DECIDED JANUARY 11, 1993.
Aggravated child molestation. Paulding Superior Court. Before Judge Fudger.
Robert N. Susko, P. C. Charles E. Lake, Jr., for appellant.
William A. Foster III, District Attorney, for appellee.
Bobby Gene Smith was convicted of two counts of aggravated child molestation. He appeals from his convictions and the denial of his motion for new trial.
1. Smith complains that the trial court erred by admitting hearsay statements of the child victim, his daughter, regarding sexual abuse she sustained, contending that the statements were unreliable. We disagree.
OCGA § 24-3-16 provides: "A statement made by a child under the age of 14 years describing any act of sexual contact or physical abuse performed with or on the child by another is admissible in evidence by the testimony of the person or persons to whom made if the child is available to testify in the proceedings and the court finds that the circumstances of the statement provide sufficient indicia of reliability." (Emphasis supplied.) Smith argues that the statements at issue failed to meet factors previously identified by this court which may be used by trial courts in determining the reliability of such statements.
In Gregg v. State, 201 Ga. App. 238 ( 411 S.E.2d 65) (1991), we enumerated factors which the trial court may consider in determining whether hearsay testimony offered under OCGA § 24-3-16 is sufficiently reliable. Those factors include, but are not limited to, the following: "(1) the atmosphere and circumstances under which the statement was made (including the time, the place, and the people present thereat); (2) the spontaneity of the child's statement to the persons present; (3) the child's age; (4) the child's general demeanor; (5) the child's condition (physical or emotional); (6) the presence or absence of threats or promise of benefits; (7) the presence or absence of drugs or alcohol; (8) the child's general credibility; (9) the presence or absence of any coaching by parents or other third parties before or at the time of the child's statement, and the type of coaching and circumstances surrounding the same; and, the nature of the child's statement and type of language used therein; and (10) the consistency between repeated out-of-court statements by the child. [Cits.] These factors are to be applied neither in mechanical nor mathematical fashion, but in that manner best calculated to facilitate determination of the existence or absence of the requisite degree of trustworthiness." (Emphasis omitted.) Id. at 240-241.

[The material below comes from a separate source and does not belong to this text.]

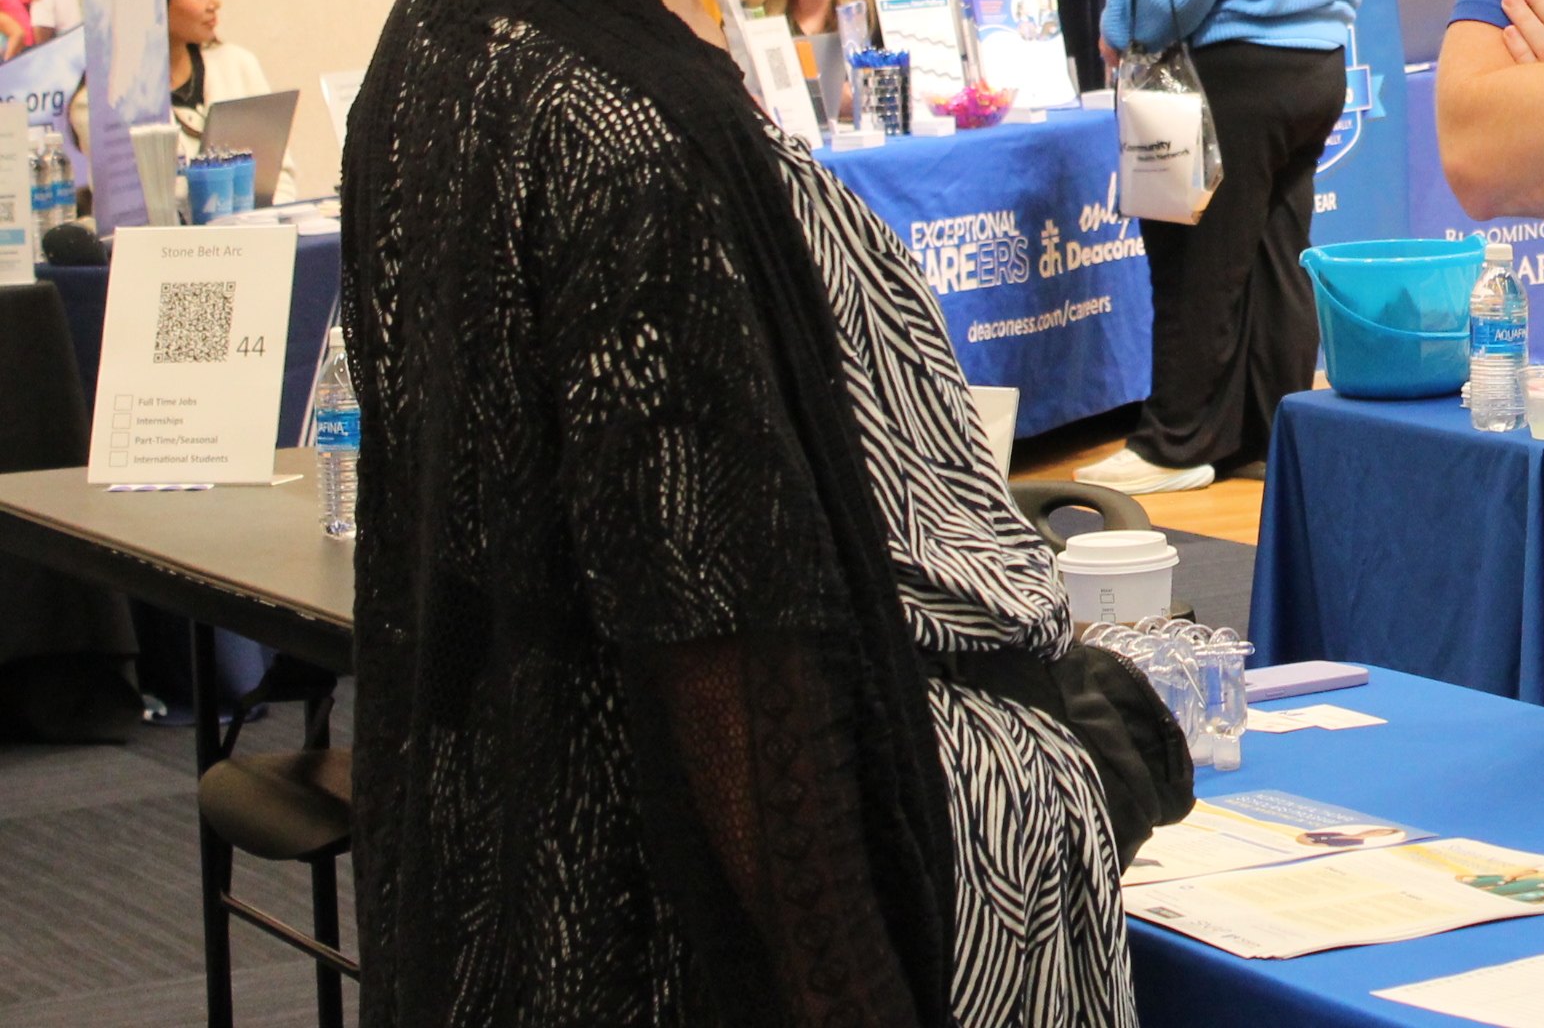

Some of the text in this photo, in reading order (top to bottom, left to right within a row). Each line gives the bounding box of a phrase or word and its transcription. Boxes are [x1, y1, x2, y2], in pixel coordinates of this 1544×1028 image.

The testimony Smith complains of was given by June Jarrett, the residential manager of a mobile home park in which the victim lived, and by Jo Beth Dyer, a caseworker with the Paulding County Department of Family Children's Services. Jarrett testified that the victim said "my daddy is playing with my thing," pointing to her own genital region as she said it. Jarrett also testified that the victim told her that Smith had placed his mouth on her "thing" and that he made her do the same to him. Jarrett testified that she had not questioned the victim; the victim told her this information spontaneously and while crying. Later that day, the victim made substantially the same statements to Dyer. Dyer further testified that at the insistence of the victim's mother she interviewed the victim a second time, several days later. During this subsequent interview, the victim told Dyer that her uncle was the perpetrator, instead of her father. Dyer further testified, however, that the victim told her that her mother had instructed her to change her story to implicate her uncle.
The admissibility of evidence is a matter which rests largely within the sound discretion of the trial court. In the absence of an abuse of discretion, this court will not interfere with the trial court's ruling. See Palmer v. State, 186 Ga. App. 892, 898-899 ( 369 S.E.2d 38) (1988). After reviewing the record in this case, we are satisfied that the trial court did not err in finding that the statements at issue were sufficiently reliable. Therefore, the court did not abuse its discretion in allowing the jury to hear the challenged testimony.
2. Smith contends that the trial court erred in failing to conduct a competency hearing of the child victim. "`"Where the trial judge examines a child as to [her] understanding of the nature of an oath, as was done in the instant case, and determines the child is competent to testify, the court's discretion, absent manifest abuse, will not be interfered with by this court." . . .' [Cit.]" Benton v. State, 184 Ga. App. 684, 685 ( 362 S.E.2d 421) (1987). There is no evidence in the record which would support Smith's contention that the child victim in this case was mentally retarded or "without use of reason" within the meaning of OCGA § 24-9-5. Smith did not challenge the competency of the victim at trial, nor did he request that a competency hearing be held. He has therefore waived any right to challenge the victim's competency. See generally Miller v. State, 201 Ga. App. 374, 375 (2) ( 411 S.E.2d 112) (1991).
Judgment affirmed. Pope, C. J., and Carley, P. J., concur.